|
|
|
|
Mash TunThe mash tun is where the starches in the grain are converted to sugar to be fermented later by the yeast. In this system the mash tun takes the form of a 100 litre stainless steel vessel. I have made a slotted manifold from 22mm copper through which the wort exits the mash tun for recirculation or running into the copper. On the underside of the manifold are slots cut every 10mm with a hacksaw. Here's a photo of doughing in which is the process of mixing the grains with water heated to strike temperature. Strike temperature is dependant on the temperature of the grain and the thermal mass of the mash tun. Typically to get a mash temperature of 66°C I need the strike temperature to be 75°C. This temperature will vary from system to system depending on how well insulated the mash tun is. It's worth noting that the mash temperature remains very stable in my system even without the recirculation purely due to the thermal mass of such a large amount of grain. I can mash 15 kg + of grain and it will remain at 66°C for well over an hour even without insulation. Once I've doughed in I let the whole mash sit for a few minutes (typically 15 but sometimes an hour) before I commence recirculation. This pause allows the grain to take up the liquor and settle down into a stable mash bed so that, when I start the pump I don't suck grain into the recirculation system. Recirculation is carried out by pumping the wort from the mash tun, through the PID controlled heat exchanger and back through the return manifold. Here's a photo of the return manifold in action. This photo was taken after just a few minutes and already you can see the clarity of the wort.
After an hour or more of mashing all the starch is turned to sugar so it's time to start the sparge.
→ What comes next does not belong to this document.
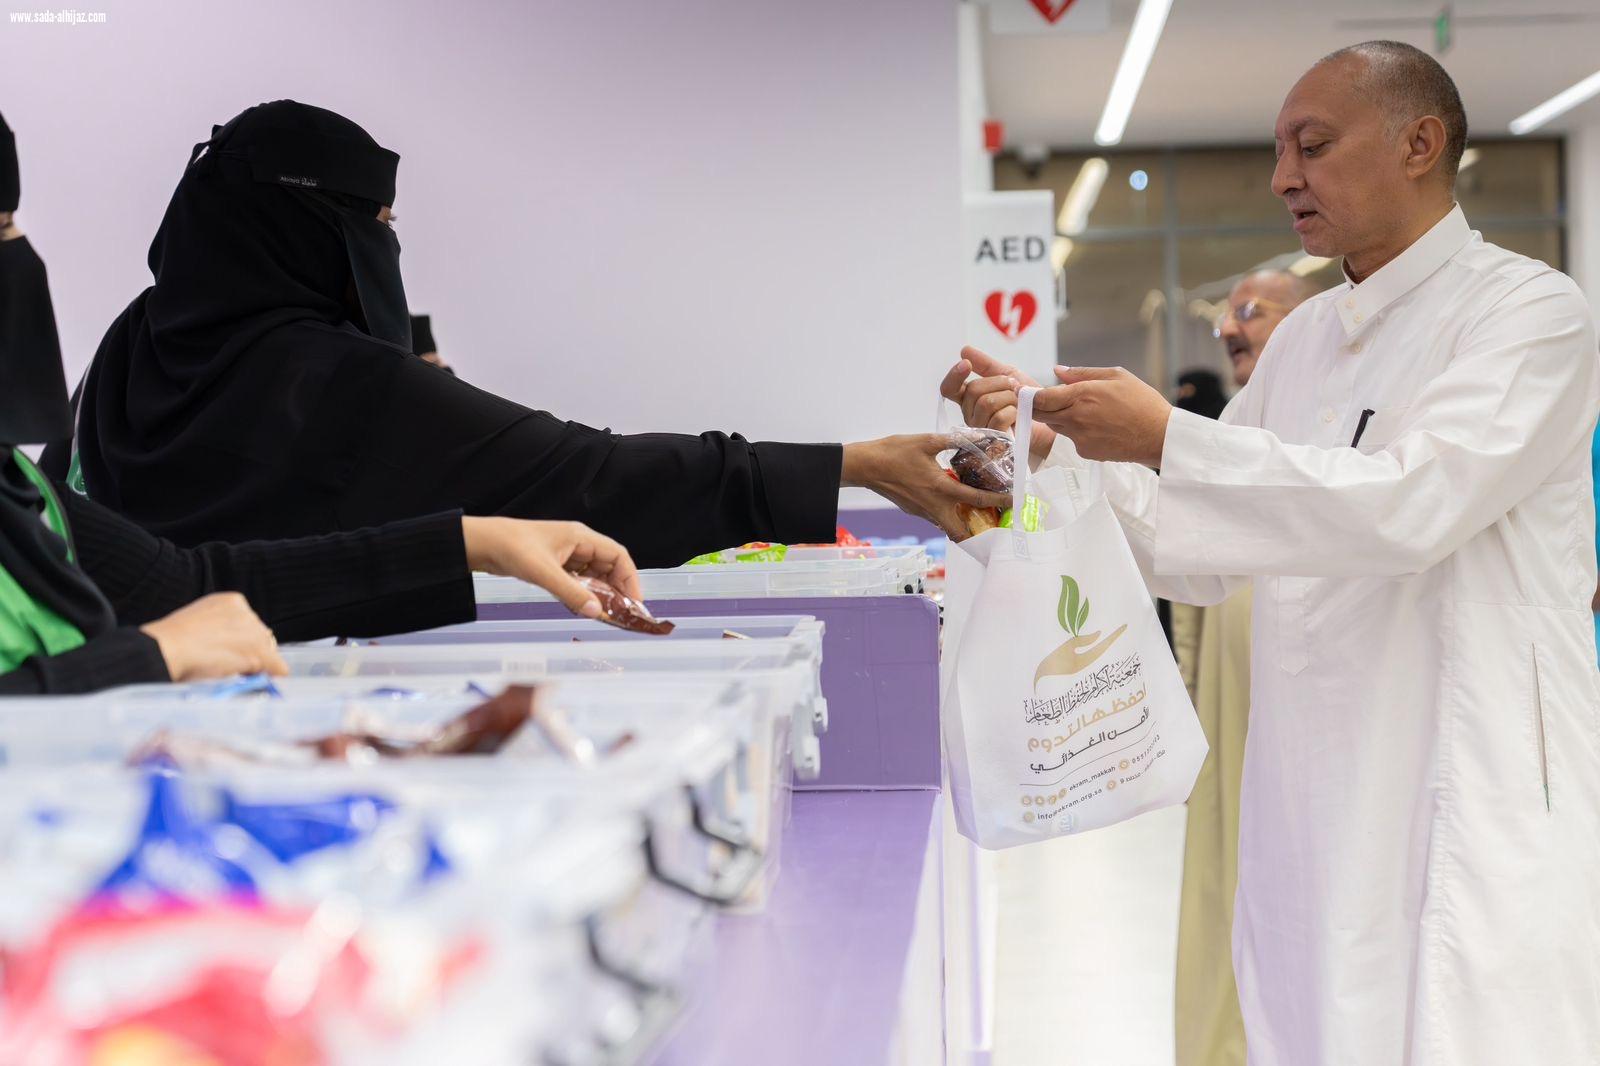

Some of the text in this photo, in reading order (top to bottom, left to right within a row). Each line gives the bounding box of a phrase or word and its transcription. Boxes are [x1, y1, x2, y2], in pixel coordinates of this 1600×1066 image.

Sparging is the process whereby the sugars are gently washed from the grainbed in the mash tun. There's a couple of ways you can do this; batch sparging or fly sparging. I choose to fly sparge which means that I sprinkle hot water on top of the grain bed whilst pumping the wort to the copper from the bottom of the mash tun. Batch sparging is achieved by effectively mashing twice and running off the wort completely each time. There are benefits to each method of sparging; batch sparging lessens the probability of extracting tannins due to the fact that the pH remains lower than when fly sparging but fly sparging is more likely to give you a better quality of wort due to the ability to cease sparging earlier. I'm sure the batch spargers out there will dispute that statement but this is my page so I'll write it how I find it!
So at this point I have collected about 60+ litres of sweet wort. Sweet because it has no hops in it. It still isn't beer though. I still need to boil the wort to sterilise it, precipitate out the proteins that could cause the beer to be cloudy and also I will add the hops to give it more flavour.